Data records:
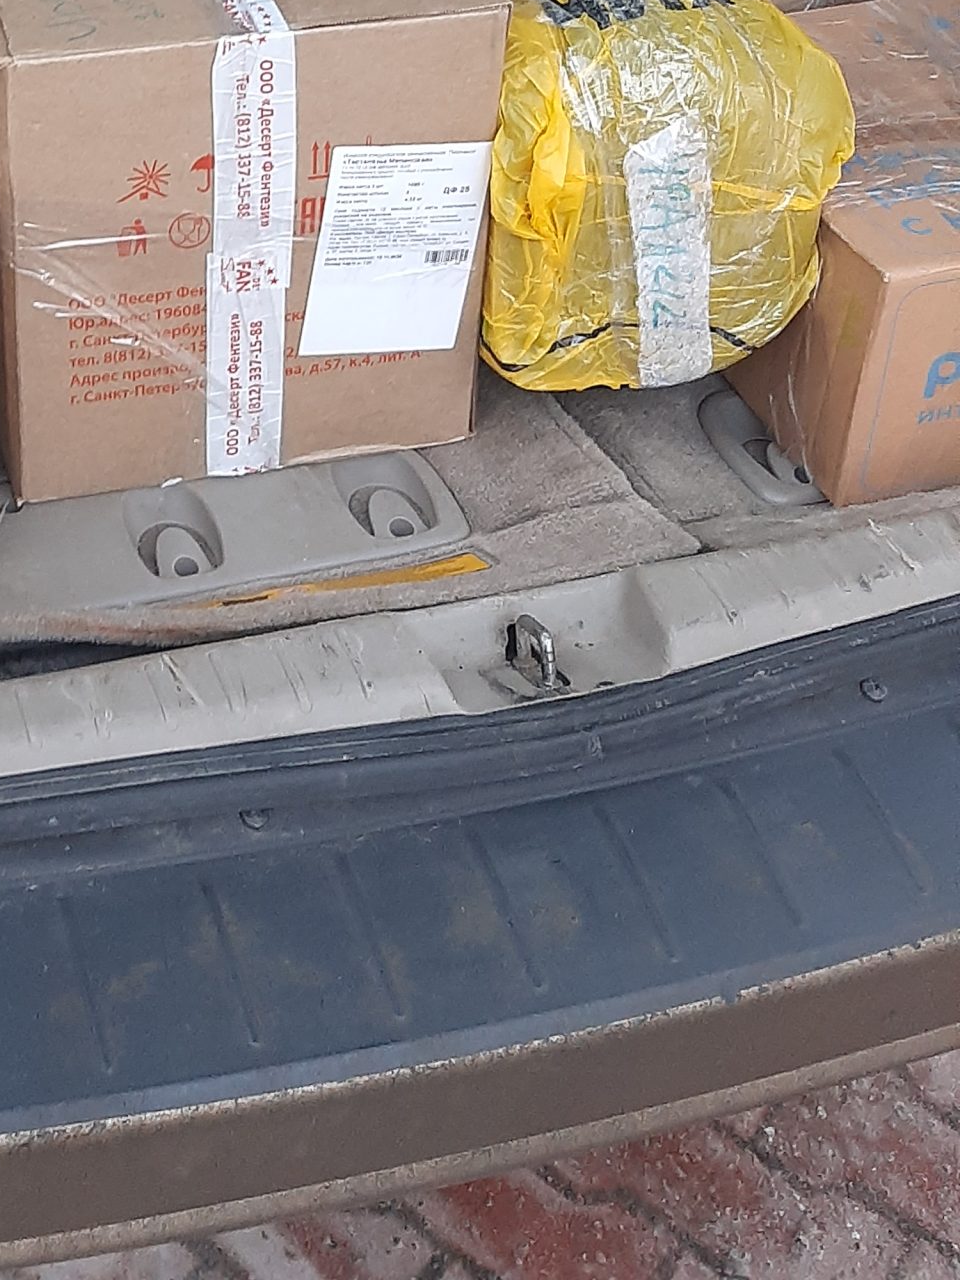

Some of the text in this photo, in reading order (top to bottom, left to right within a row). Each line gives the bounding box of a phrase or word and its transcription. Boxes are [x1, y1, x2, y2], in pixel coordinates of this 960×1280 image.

[257, 59, 275, 228] ООО «Десерт Фентези»
[69, 357, 99, 368] тел.
[103, 348, 151, 364] 8(812)
[227, 312, 240, 373] Фентези»
[248, 319, 263, 381] 337-15-88
[70, 371, 118, 388] Адрес
[226, 428, 239, 456] ООО

## What the task requires
Once the pictures are removed, write out all of the entries above exactly.

## Answer to this problem
Some of the text in this photo, in reading order (top to bottom, left to right within a row). Each line gives the bounding box of a phrase or word and its transcription. Boxes are [x1, y1, x2, y2], in pixel coordinates of this 960×1280 image.

[257, 59, 275, 228] ООО «Десерт Фентези»
[69, 357, 99, 368] тел.
[103, 348, 151, 364] 8(812)
[227, 312, 240, 373] Фентези»
[248, 319, 263, 381] 337-15-88
[70, 371, 118, 388] Адрес
[226, 428, 239, 456] ООО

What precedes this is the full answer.